La solitude est un des paradoxes majeurs de notre monde
d'hyper-communication : elle fait peur - au point d'être déclarée
«grande cause nationale» en France en 2011 - et fascine en même
temps, comme en témoigne la recherche d'exploits solitaires, de
retraites volontaires hors d'un monde surpeuplé.

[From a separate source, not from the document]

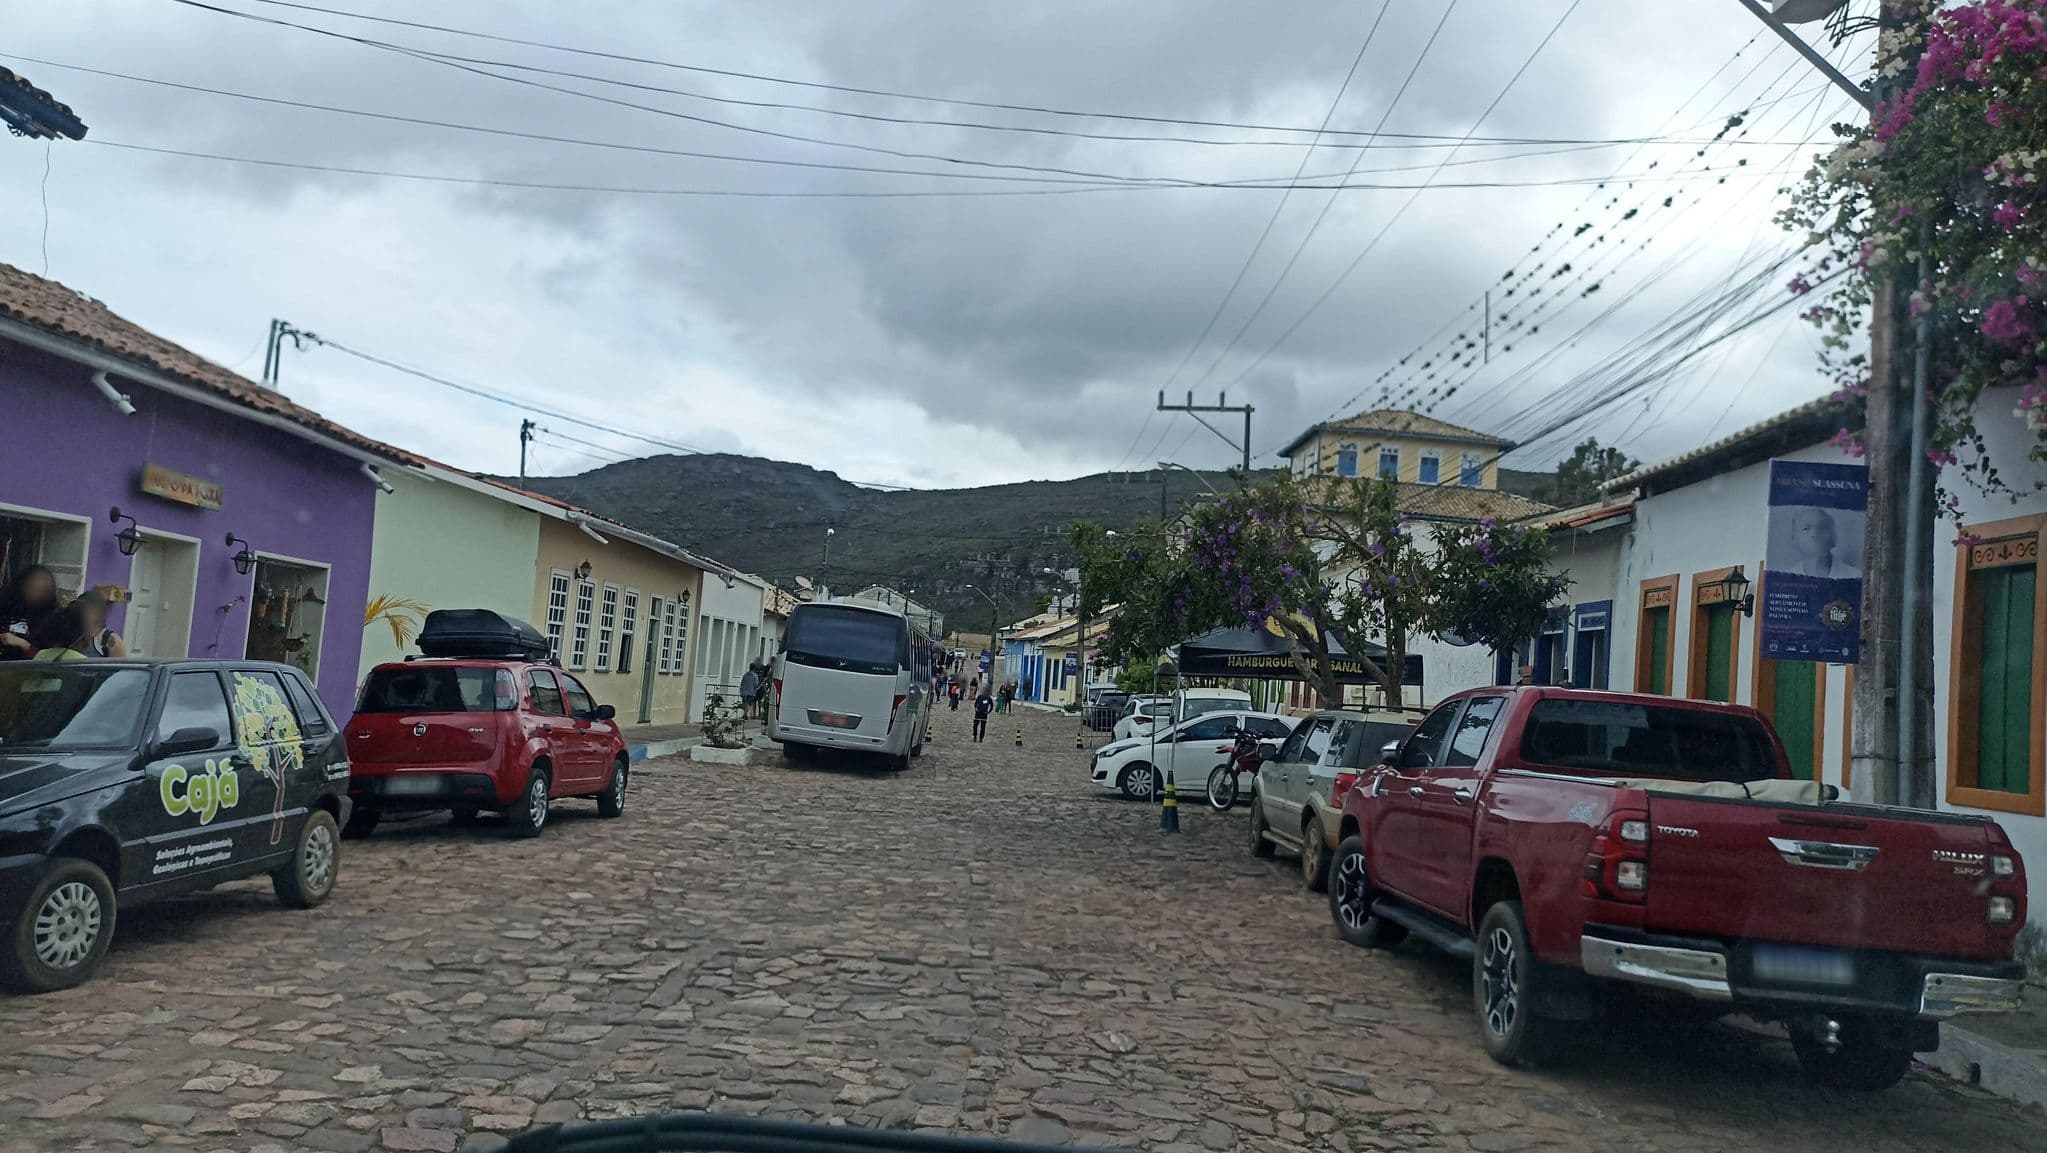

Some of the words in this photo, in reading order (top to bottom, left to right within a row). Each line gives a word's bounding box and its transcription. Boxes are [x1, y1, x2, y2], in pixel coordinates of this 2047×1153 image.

On la fuit et on la
désire à la fois.
Cette ambivalence prend aujourd'hui une dimension nouvelle :
l'opposition entre convivialité et isolement est accrue par le rôle des
nouvelles technologies de communication et des réseaux sociaux.
Mais ce phénomène n'est que l'aboutissement d'une longue histoire
qui débute dans l'Antiquité, où les intellectuels avaient déjà posé
les termes de l'alternative : l'homme «animal social» et l'amoureux
des charmes bucoliques.
«Il n'est pas bon que l'homme soit seul», dit la Bible, et pourtant
le judéo-christianisme exalte la vie solitaire des ermites et des
moines ; à l'époque classique, les «solitaires» de Port-Royal et les
«promeneurs» rousseauistes s'opposent aux «honnêtes hommes»
des salons ; au XIXe siècle, les romantiques exaltent la solitude et
fuient les villes ; les «solos» du XXIe siècle vantent les avantages de
leur indépendance, tandis que les ravages de la solitude des plus âgés
sont dénoncés comme un fléau social.
Solitude physique et psychologique, solitude subie et volontaire,
refuge et malédiction : ce livre retrace in fine l'histoire des ambivalences
de la condition humaine.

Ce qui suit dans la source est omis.